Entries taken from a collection

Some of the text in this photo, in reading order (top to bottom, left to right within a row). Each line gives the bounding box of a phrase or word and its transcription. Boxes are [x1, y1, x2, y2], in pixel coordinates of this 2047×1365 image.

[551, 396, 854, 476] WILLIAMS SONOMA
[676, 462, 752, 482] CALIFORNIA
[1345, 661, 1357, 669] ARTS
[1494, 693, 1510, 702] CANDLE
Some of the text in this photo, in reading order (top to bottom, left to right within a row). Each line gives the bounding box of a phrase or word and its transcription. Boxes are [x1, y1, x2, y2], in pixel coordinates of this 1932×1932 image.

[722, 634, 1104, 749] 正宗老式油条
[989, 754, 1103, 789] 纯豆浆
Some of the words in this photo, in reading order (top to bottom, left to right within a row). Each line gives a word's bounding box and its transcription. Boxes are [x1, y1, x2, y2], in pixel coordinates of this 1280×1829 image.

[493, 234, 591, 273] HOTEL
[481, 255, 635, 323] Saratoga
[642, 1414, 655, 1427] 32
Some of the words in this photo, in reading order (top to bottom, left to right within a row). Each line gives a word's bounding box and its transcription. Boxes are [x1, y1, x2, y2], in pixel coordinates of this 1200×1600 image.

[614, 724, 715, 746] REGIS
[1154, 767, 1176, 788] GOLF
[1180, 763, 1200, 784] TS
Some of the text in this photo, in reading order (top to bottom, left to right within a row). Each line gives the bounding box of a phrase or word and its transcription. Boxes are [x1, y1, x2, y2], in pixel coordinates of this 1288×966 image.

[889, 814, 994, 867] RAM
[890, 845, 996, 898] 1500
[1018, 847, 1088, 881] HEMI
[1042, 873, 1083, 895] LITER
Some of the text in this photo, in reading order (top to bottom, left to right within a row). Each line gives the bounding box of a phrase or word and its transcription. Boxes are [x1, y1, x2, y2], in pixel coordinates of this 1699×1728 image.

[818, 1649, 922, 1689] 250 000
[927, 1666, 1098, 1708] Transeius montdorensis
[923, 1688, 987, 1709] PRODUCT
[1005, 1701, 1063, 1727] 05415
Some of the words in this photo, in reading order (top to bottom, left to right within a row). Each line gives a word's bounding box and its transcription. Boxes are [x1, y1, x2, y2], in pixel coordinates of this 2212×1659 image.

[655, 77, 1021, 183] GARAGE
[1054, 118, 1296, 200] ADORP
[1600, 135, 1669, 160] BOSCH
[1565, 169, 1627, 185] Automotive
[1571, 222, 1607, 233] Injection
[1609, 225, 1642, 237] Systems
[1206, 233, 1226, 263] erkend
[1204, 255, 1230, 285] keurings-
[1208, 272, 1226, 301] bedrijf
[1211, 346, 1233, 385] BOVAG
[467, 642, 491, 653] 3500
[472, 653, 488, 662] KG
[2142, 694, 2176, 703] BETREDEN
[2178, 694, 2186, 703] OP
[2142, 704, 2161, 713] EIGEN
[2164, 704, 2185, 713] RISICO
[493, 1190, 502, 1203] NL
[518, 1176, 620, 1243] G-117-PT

● ASSIGNMENT: Your task is to retype the data exactly, with no line missing.

● OUTPUT FOR THIS EXERCISE:
Some of the text in this photo, in reading order (top to bottom, left to right within a row). Each line gives the bounding box of a phrase or word and its transcription. Boxes are [x1, y1, x2, y2], in pixel coordinates of this 2047×1365 image.

[551, 396, 854, 476] WILLIAMS SONOMA
[676, 462, 752, 482] CALIFORNIA
[1345, 661, 1357, 669] ARTS
[1494, 693, 1510, 702] CANDLE
Some of the text in this photo, in reading order (top to bottom, left to right within a row). Each line gives the bounding box of a phrase or word and its transcription. Boxes are [x1, y1, x2, y2], in pixel coordinates of this 1932×1932 image.

[722, 634, 1104, 749] 正宗老式油条
[989, 754, 1103, 789] 纯豆浆
Some of the words in this photo, in reading order (top to bottom, left to right within a row). Each line gives a word's bounding box and its transcription. Boxes are [x1, y1, x2, y2], in pixel coordinates of this 1280×1829 image.

[493, 234, 591, 273] HOTEL
[481, 255, 635, 323] Saratoga
[642, 1414, 655, 1427] 32
Some of the words in this photo, in reading order (top to bottom, left to right within a row). Each line gives a word's bounding box and its transcription. Boxes are [x1, y1, x2, y2], in pixel coordinates of this 1200×1600 image.

[614, 724, 715, 746] REGIS
[1154, 767, 1176, 788] GOLF
[1180, 763, 1200, 784] TS
Some of the text in this photo, in reading order (top to bottom, left to right within a row). Each line gives the bounding box of a phrase or word and its transcription. Boxes are [x1, y1, x2, y2], in pixel coordinates of this 1288×966 image.

[889, 814, 994, 867] RAM
[890, 845, 996, 898] 1500
[1018, 847, 1088, 881] HEMI
[1042, 873, 1083, 895] LITER
Some of the text in this photo, in reading order (top to bottom, left to right within a row). Each line gives the bounding box of a phrase or word and its transcription. Boxes are [x1, y1, x2, y2], in pixel coordinates of this 1699×1728 image.

[818, 1649, 922, 1689] 250 000
[927, 1666, 1098, 1708] Transeius montdorensis
[923, 1688, 987, 1709] PRODUCT
[1005, 1701, 1063, 1727] 05415
Some of the words in this photo, in reading order (top to bottom, left to right within a row). Each line gives a word's bounding box and its transcription. Boxes are [x1, y1, x2, y2], in pixel coordinates of this 2212×1659 image.

[655, 77, 1021, 183] GARAGE
[1054, 118, 1296, 200] ADORP
[1600, 135, 1669, 160] BOSCH
[1565, 169, 1627, 185] Automotive
[1571, 222, 1607, 233] Injection
[1609, 225, 1642, 237] Systems
[1206, 233, 1226, 263] erkend
[1204, 255, 1230, 285] keurings-
[1208, 272, 1226, 301] bedrijf
[1211, 346, 1233, 385] BOVAG
[467, 642, 491, 653] 3500
[472, 653, 488, 662] KG
[2142, 694, 2176, 703] BETREDEN
[2178, 694, 2186, 703] OP
[2142, 704, 2161, 713] EIGEN
[2164, 704, 2185, 713] RISICO
[493, 1190, 502, 1203] NL
[518, 1176, 620, 1243] G-117-PT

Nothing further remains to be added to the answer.